LISTED ENTRIES
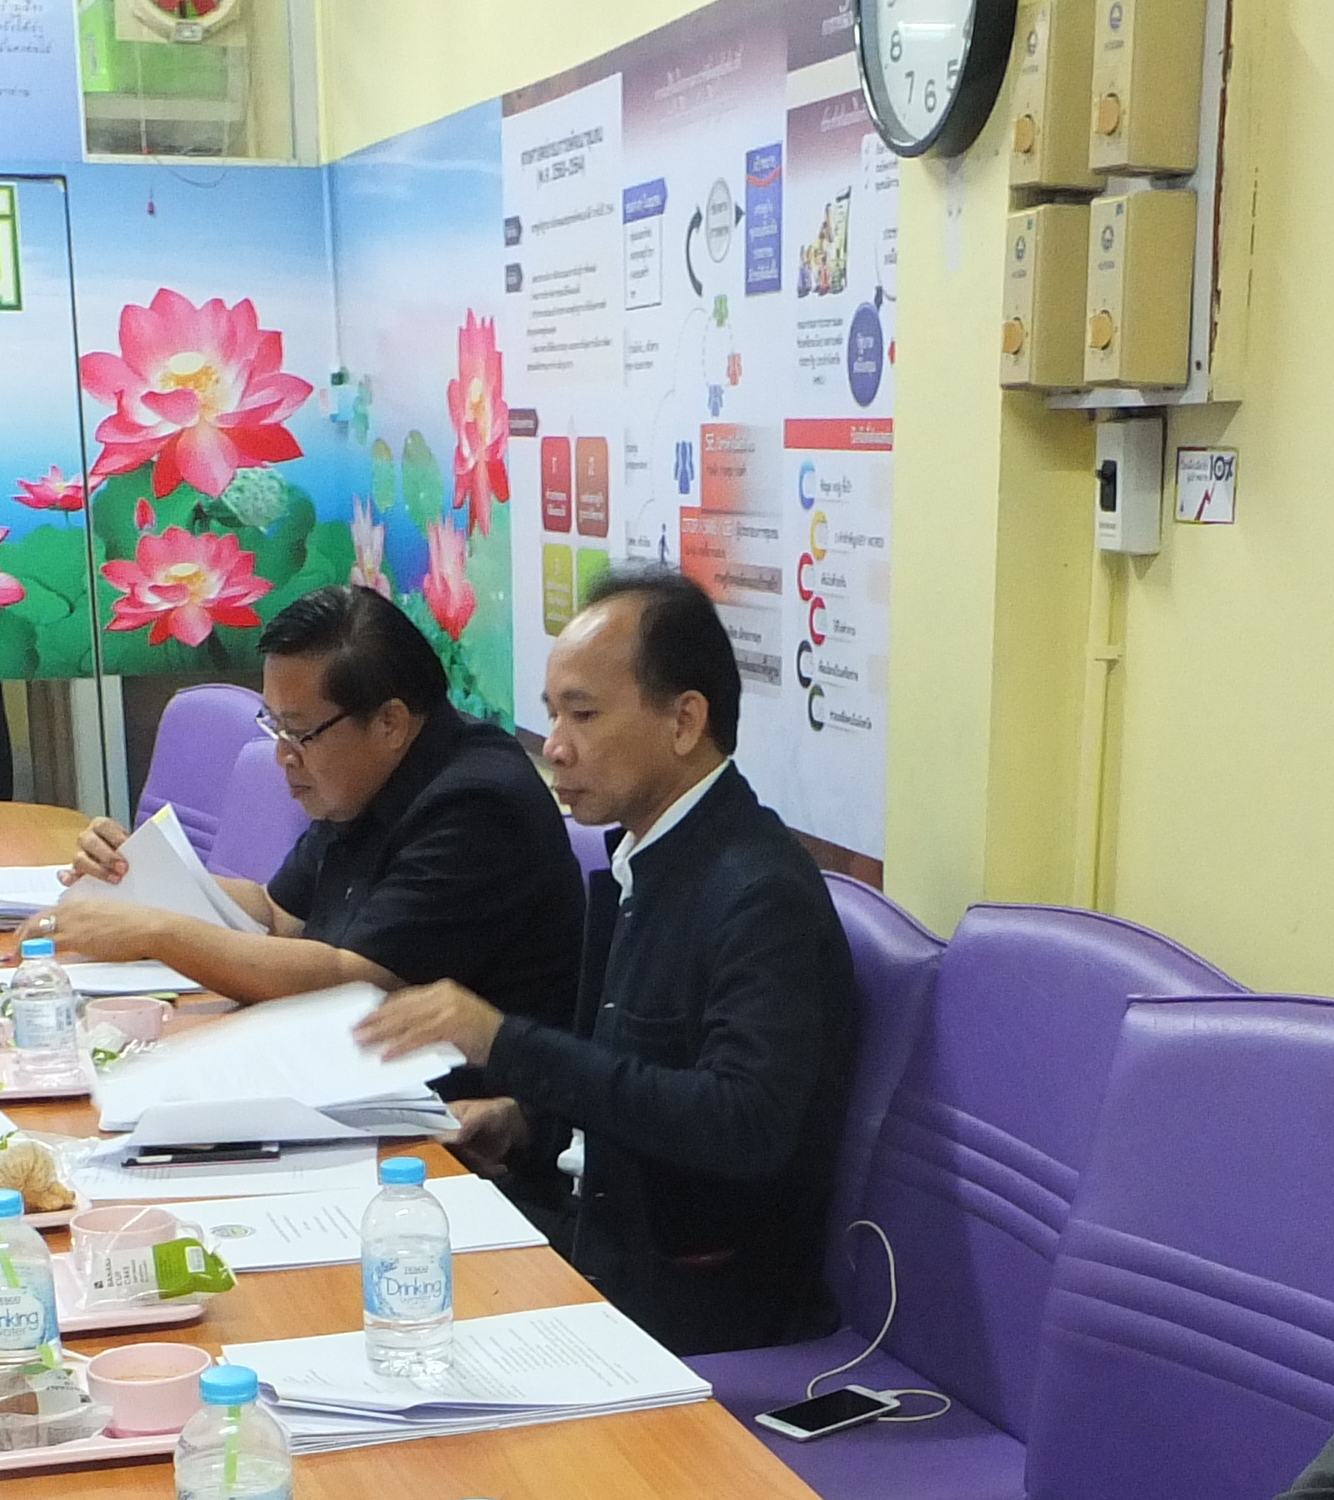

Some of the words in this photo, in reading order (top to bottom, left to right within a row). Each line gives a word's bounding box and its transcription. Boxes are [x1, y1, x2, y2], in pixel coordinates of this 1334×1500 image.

[890, 30, 902, 62] 8
[905, 70, 914, 104] 7
[924, 79, 936, 113] 6
[380, 1276, 442, 1298] Drinking
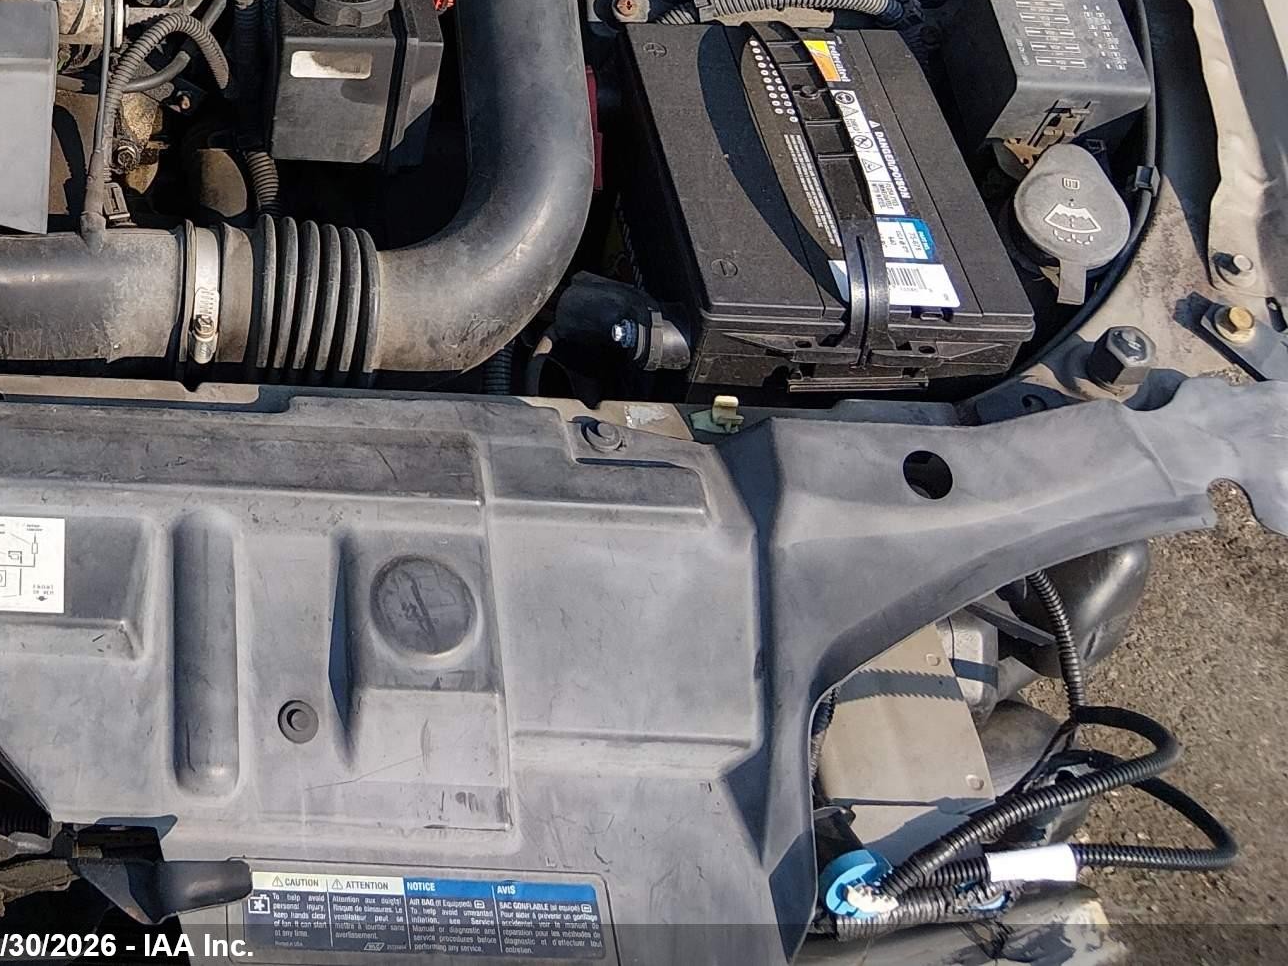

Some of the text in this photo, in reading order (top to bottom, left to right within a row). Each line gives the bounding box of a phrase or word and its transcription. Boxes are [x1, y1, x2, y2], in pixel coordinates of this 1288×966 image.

[827, 40, 851, 82] Federated
[874, 131, 911, 199] DANGER/POISON
[284, 878, 318, 887] CAUTION
[345, 880, 388, 890] ATTENTION
[406, 881, 435, 891] NOTICE
[496, 885, 516, 894] AVIS
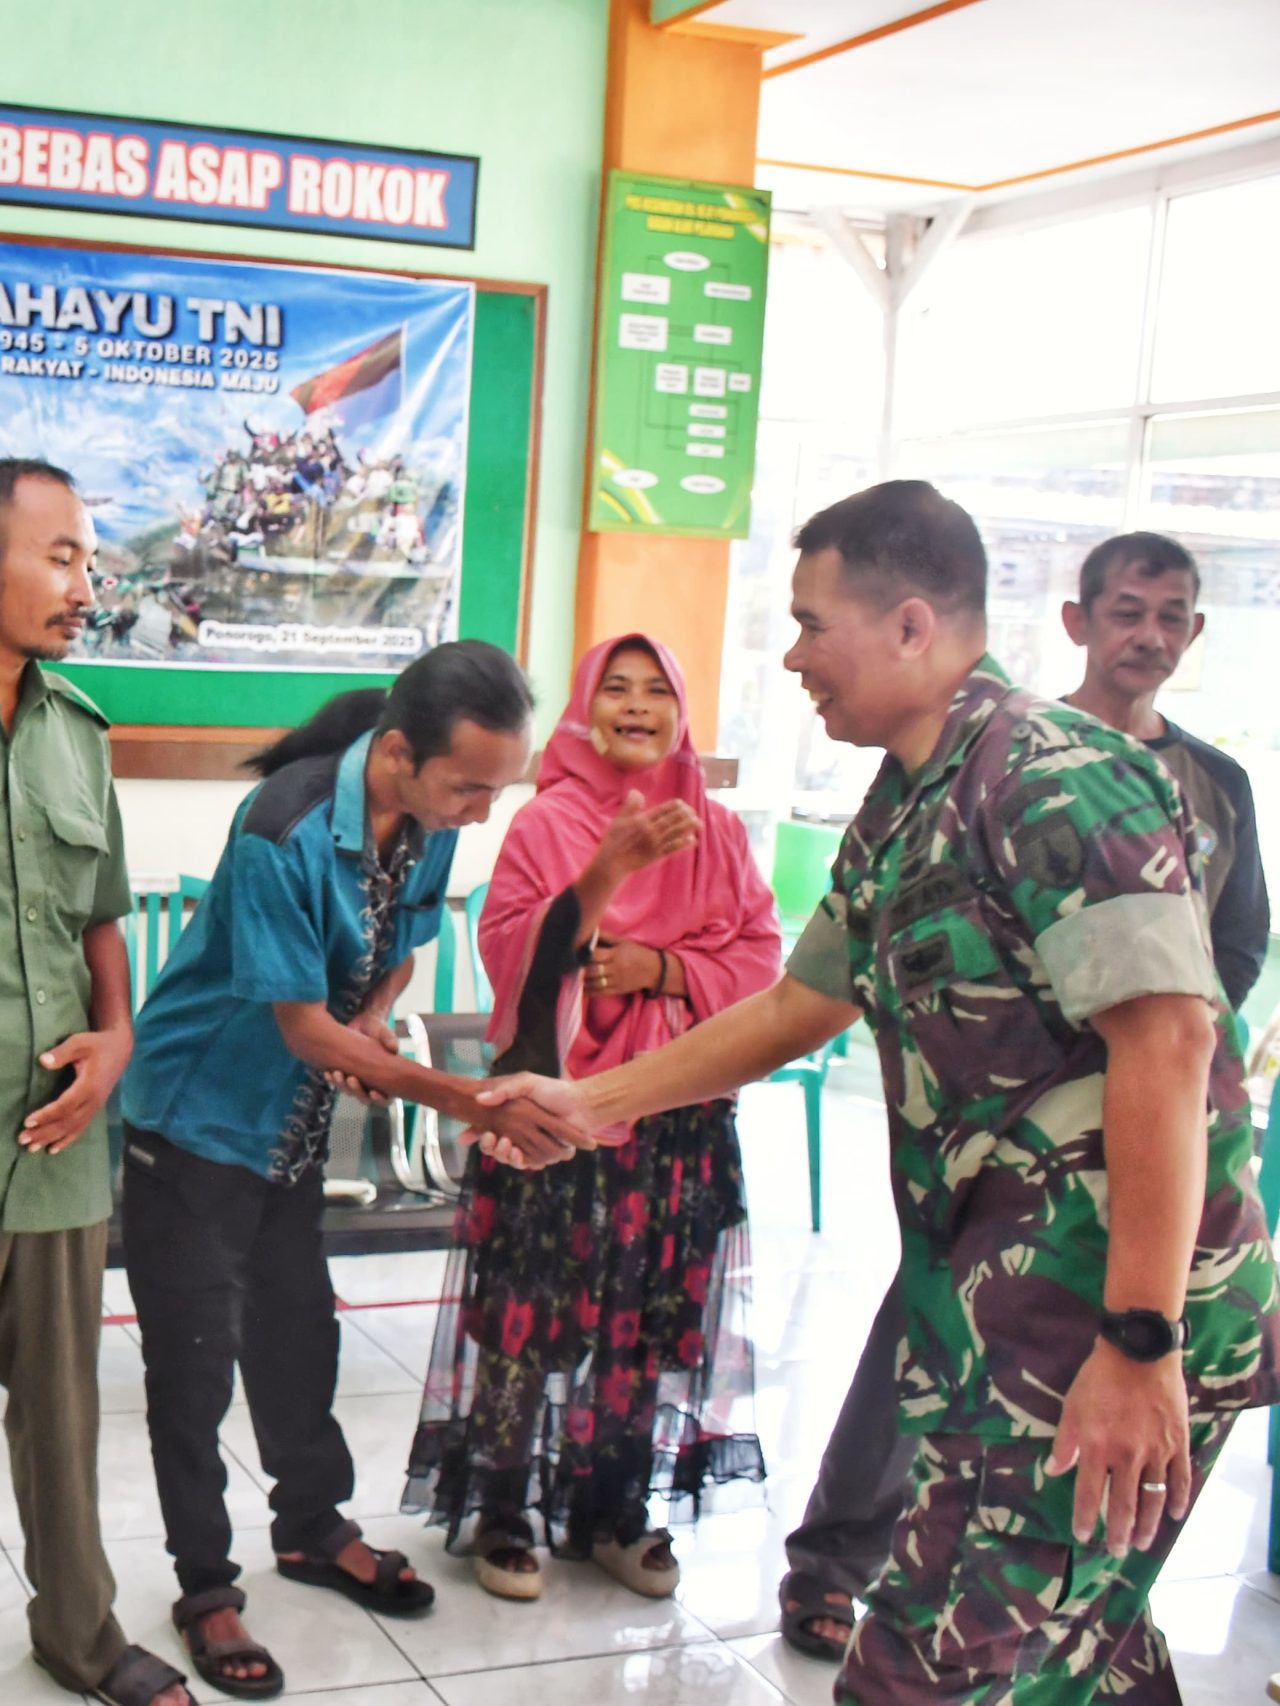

ACTION ITEM
Please restate the entries word for word. Skip the pictures.

ANSWER SECTION
Some of the words in this photo, in reading order (top to bottom, left to right within a row). Each line gives a word's bounding box and its transcription. Boxes are [x1, y1, x2, y2], in pixel coordinates of this 1334×1500 image.

[890, 30, 902, 62] 8
[905, 70, 914, 104] 7
[924, 79, 936, 113] 6
[380, 1276, 442, 1298] Drinking

Some of the text in this photo, in reading order (top to bottom, left to right within a row). Each line gives the bounding box of a phrase or word and its transcription. Boxes are [x1, y1, x2, y2], in pixel coordinates of this 1288×966 image.

[827, 40, 851, 82] Federated
[874, 131, 911, 199] DANGER/POISON
[284, 878, 318, 887] CAUTION
[345, 880, 388, 890] ATTENTION
[406, 881, 435, 891] NOTICE
[496, 885, 516, 894] AVIS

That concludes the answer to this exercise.